*Problem*. From the records below, extract all the text exactly and leave the images behind.

*Supplied data*.
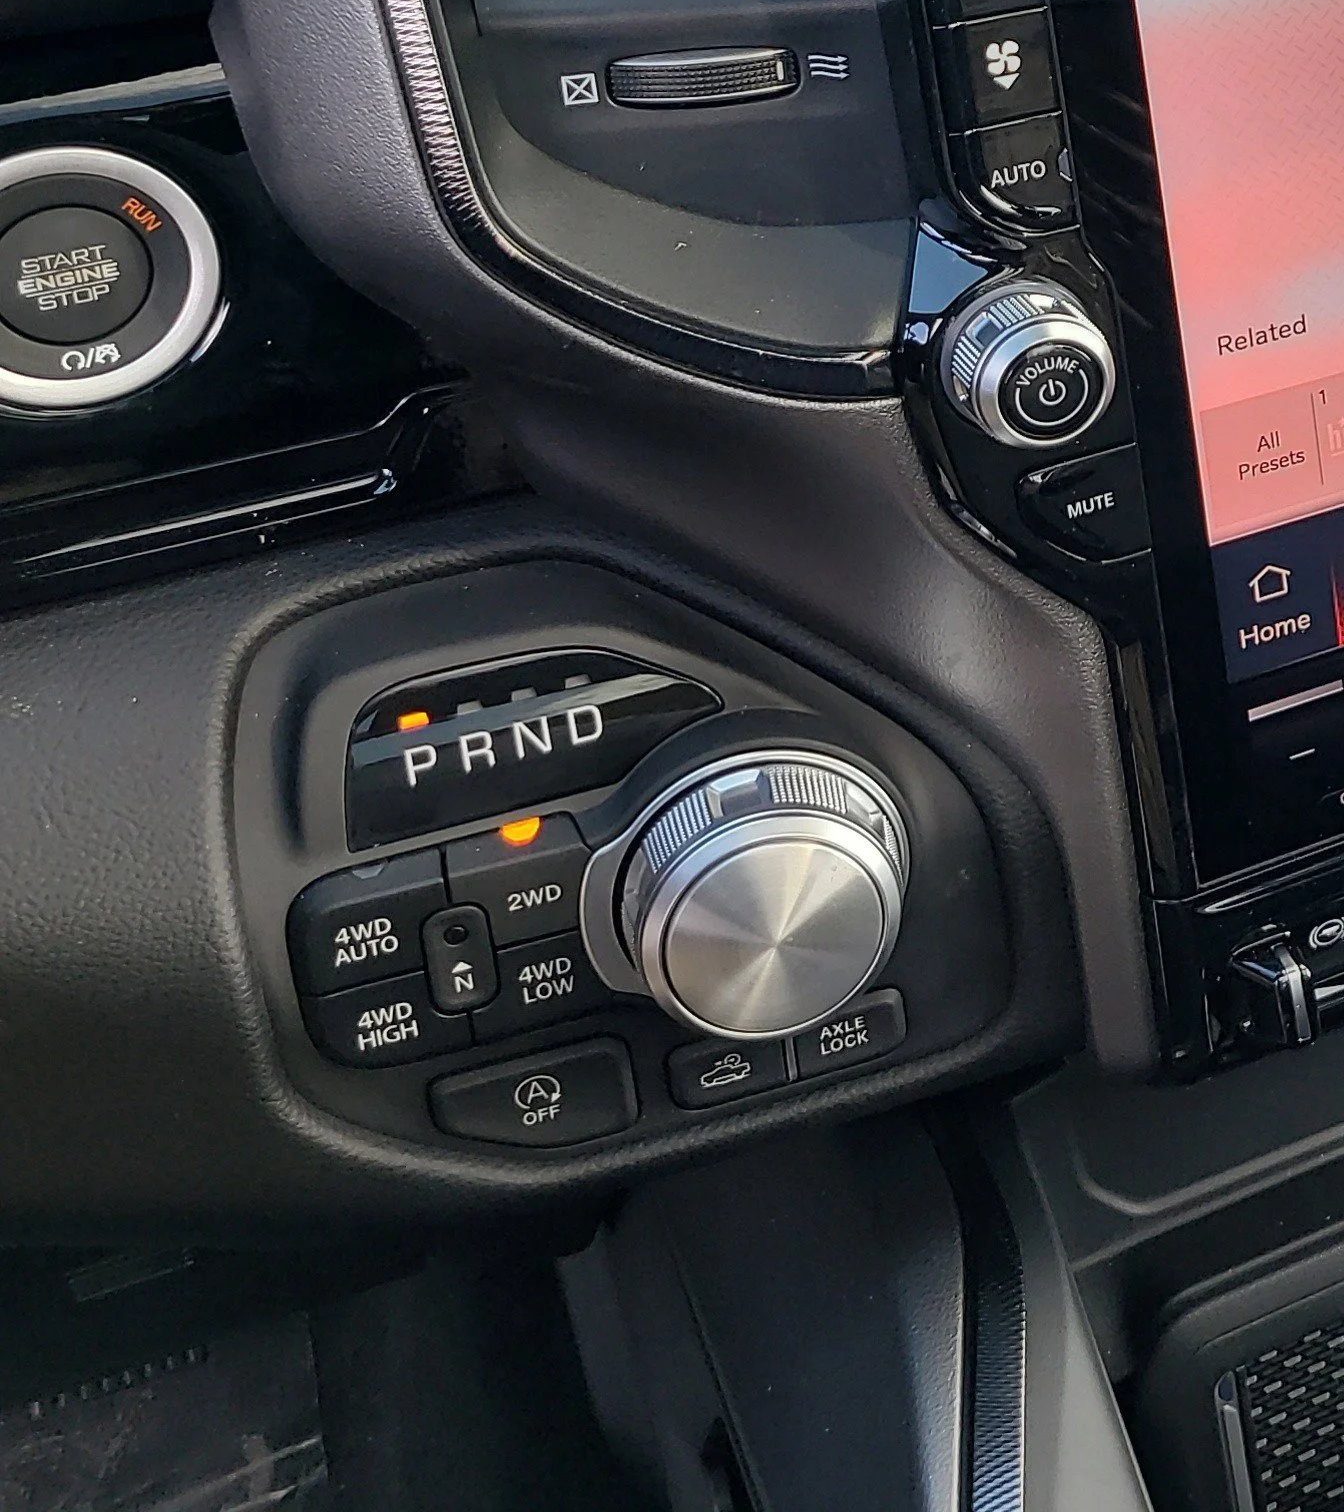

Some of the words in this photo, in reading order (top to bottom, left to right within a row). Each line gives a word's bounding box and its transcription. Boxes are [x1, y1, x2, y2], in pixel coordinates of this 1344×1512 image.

[989, 159, 1047, 188] AUTO
[121, 196, 163, 233] RUN
[20, 244, 107, 274] START
[17, 262, 121, 296] ENGINE
[37, 284, 111, 312] STOP
[1216, 314, 1308, 356] Related
[1015, 355, 1080, 389] VOLUME
[1318, 389, 1328, 406] 1
[1256, 430, 1281, 454] All
[1237, 449, 1307, 481] Presets
[1066, 491, 1116, 520] MUTE
[1238, 611, 1312, 649] Home
[507, 884, 563, 913] 2WD
[333, 916, 393, 945] 4WD
[334, 934, 400, 967] AUTO
[454, 971, 475, 994] N
[517, 957, 573, 985] 4WD
[521, 974, 576, 1006] LOW
[356, 1002, 414, 1030] 4WD
[818, 1015, 866, 1040] AXLE
[356, 1019, 420, 1052] HIGH
[819, 1029, 869, 1055] LOCK
[521, 1103, 563, 1127] OFF
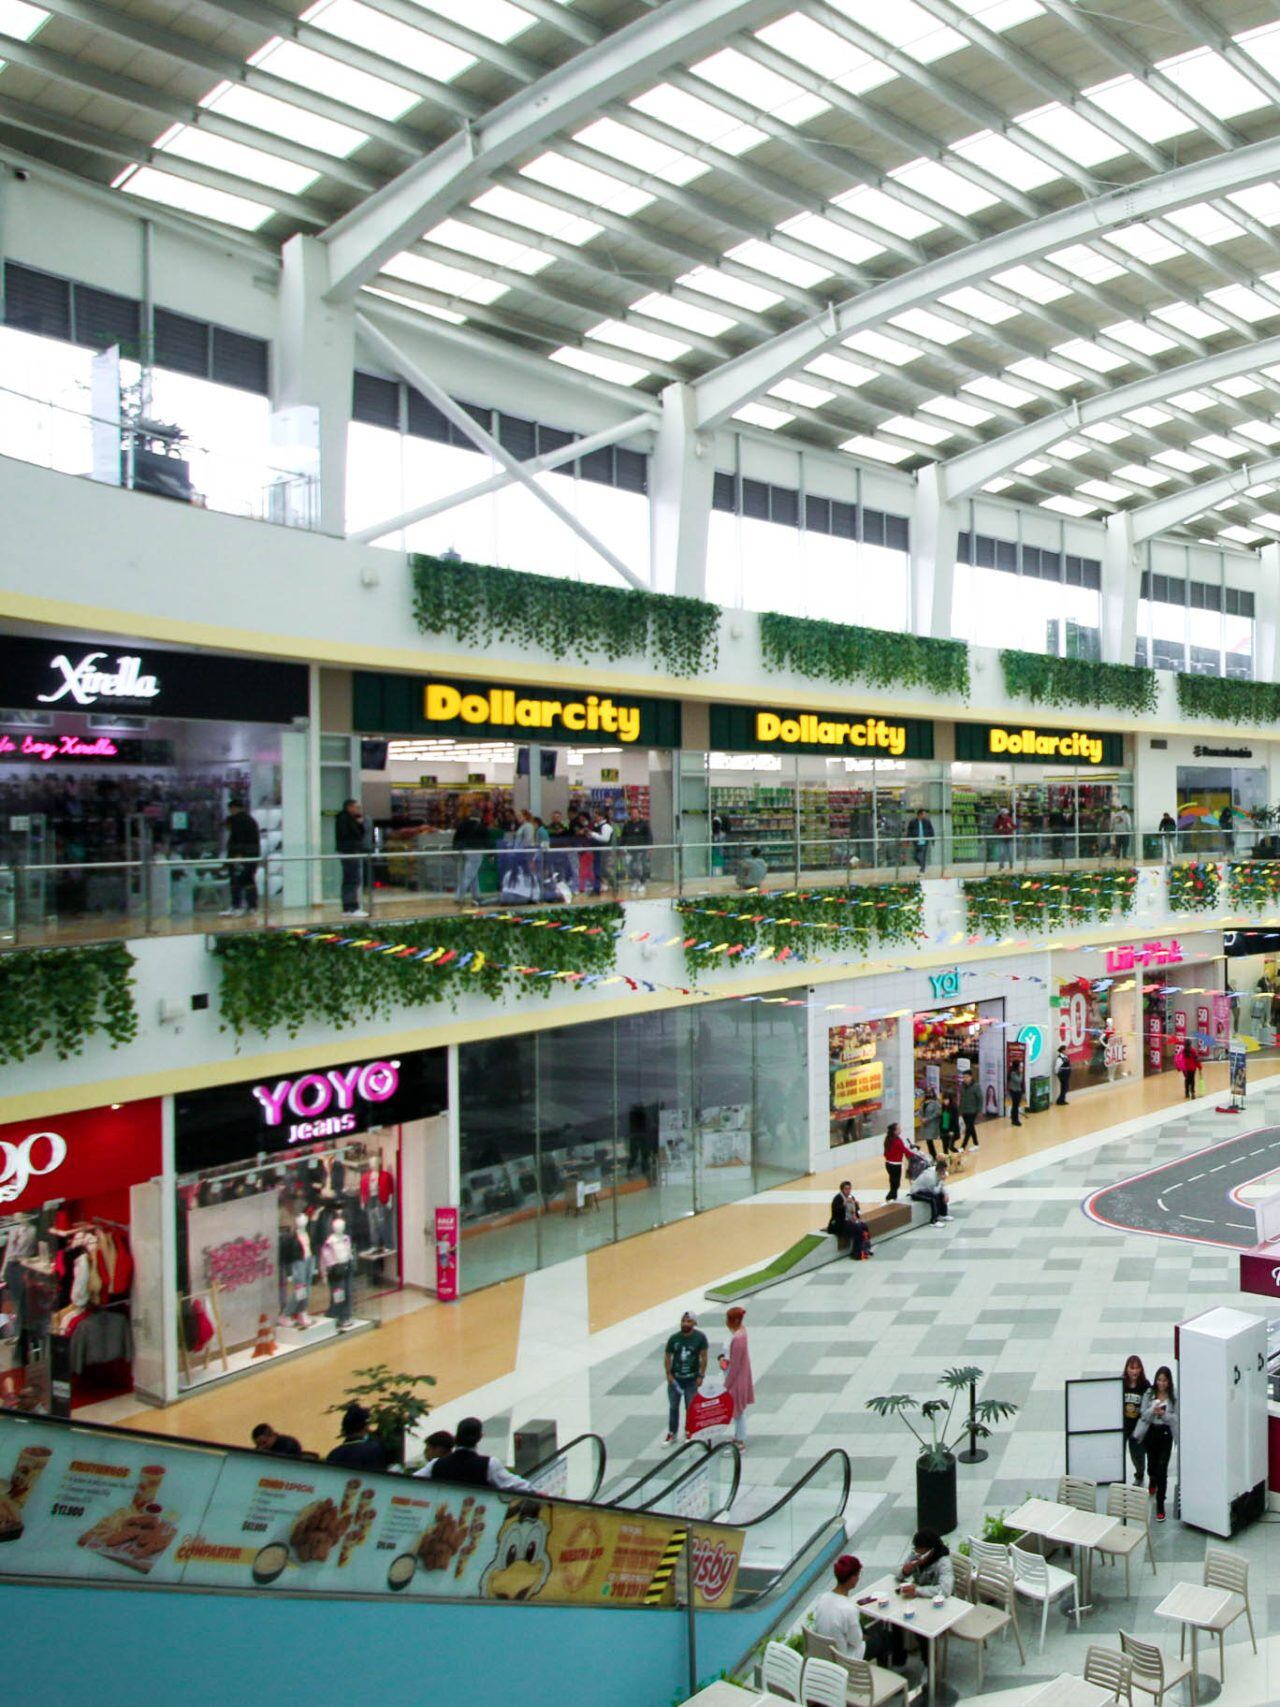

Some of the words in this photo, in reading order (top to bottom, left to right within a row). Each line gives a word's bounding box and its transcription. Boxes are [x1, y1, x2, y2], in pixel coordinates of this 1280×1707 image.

[425, 684, 640, 742] Dollarcity
[757, 712, 905, 755] Dollarcity
[990, 729, 1102, 763] Dollarcity
[1104, 1045, 1127, 1067] SALE
[252, 1061, 399, 1126] YOYO
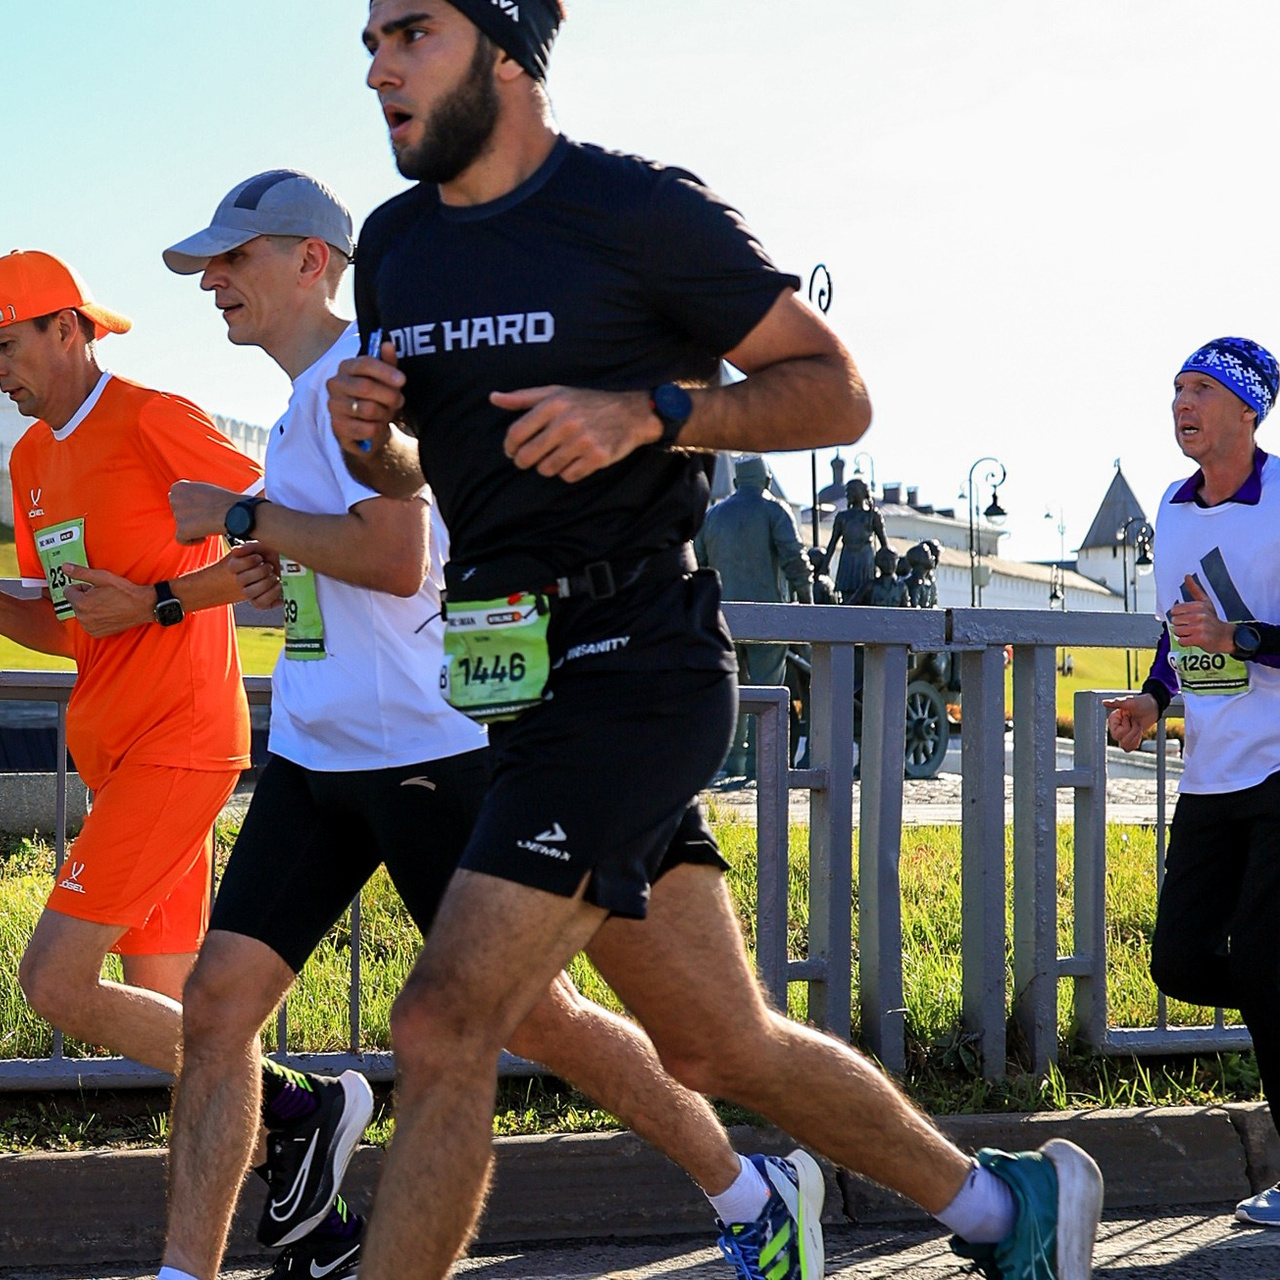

*Solution for this exercise*.
Some of the words in this photo, in reading order (top to bottom, left to right within a row). Each line gives a word's bounding box and its transcription. Boxes are [x1, y1, x2, y2], in pixel coordinates of this 1344×1512 image.

[989, 159, 1047, 188] AUTO
[121, 196, 163, 233] RUN
[20, 244, 107, 274] START
[17, 262, 121, 296] ENGINE
[37, 284, 111, 312] STOP
[1216, 314, 1308, 356] Related
[1015, 355, 1080, 389] VOLUME
[1318, 389, 1328, 406] 1
[1256, 430, 1281, 454] All
[1237, 449, 1307, 481] Presets
[1066, 491, 1116, 520] MUTE
[1238, 611, 1312, 649] Home
[507, 884, 563, 913] 2WD
[333, 916, 393, 945] 4WD
[334, 934, 400, 967] AUTO
[454, 971, 475, 994] N
[517, 957, 573, 985] 4WD
[521, 974, 576, 1006] LOW
[356, 1002, 414, 1030] 4WD
[818, 1015, 866, 1040] AXLE
[356, 1019, 420, 1052] HIGH
[819, 1029, 869, 1055] LOCK
[521, 1103, 563, 1127] OFF

Some of the words in this photo, in reading order (top to bottom, left to right within a row). Each line gives a word's bounding box and its transcription. Boxes are [x1, y1, x2, y2], in pixel coordinates of this 1280×1707 image.

[425, 684, 640, 742] Dollarcity
[757, 712, 905, 755] Dollarcity
[990, 729, 1102, 763] Dollarcity
[1104, 1045, 1127, 1067] SALE
[252, 1061, 399, 1126] YOYO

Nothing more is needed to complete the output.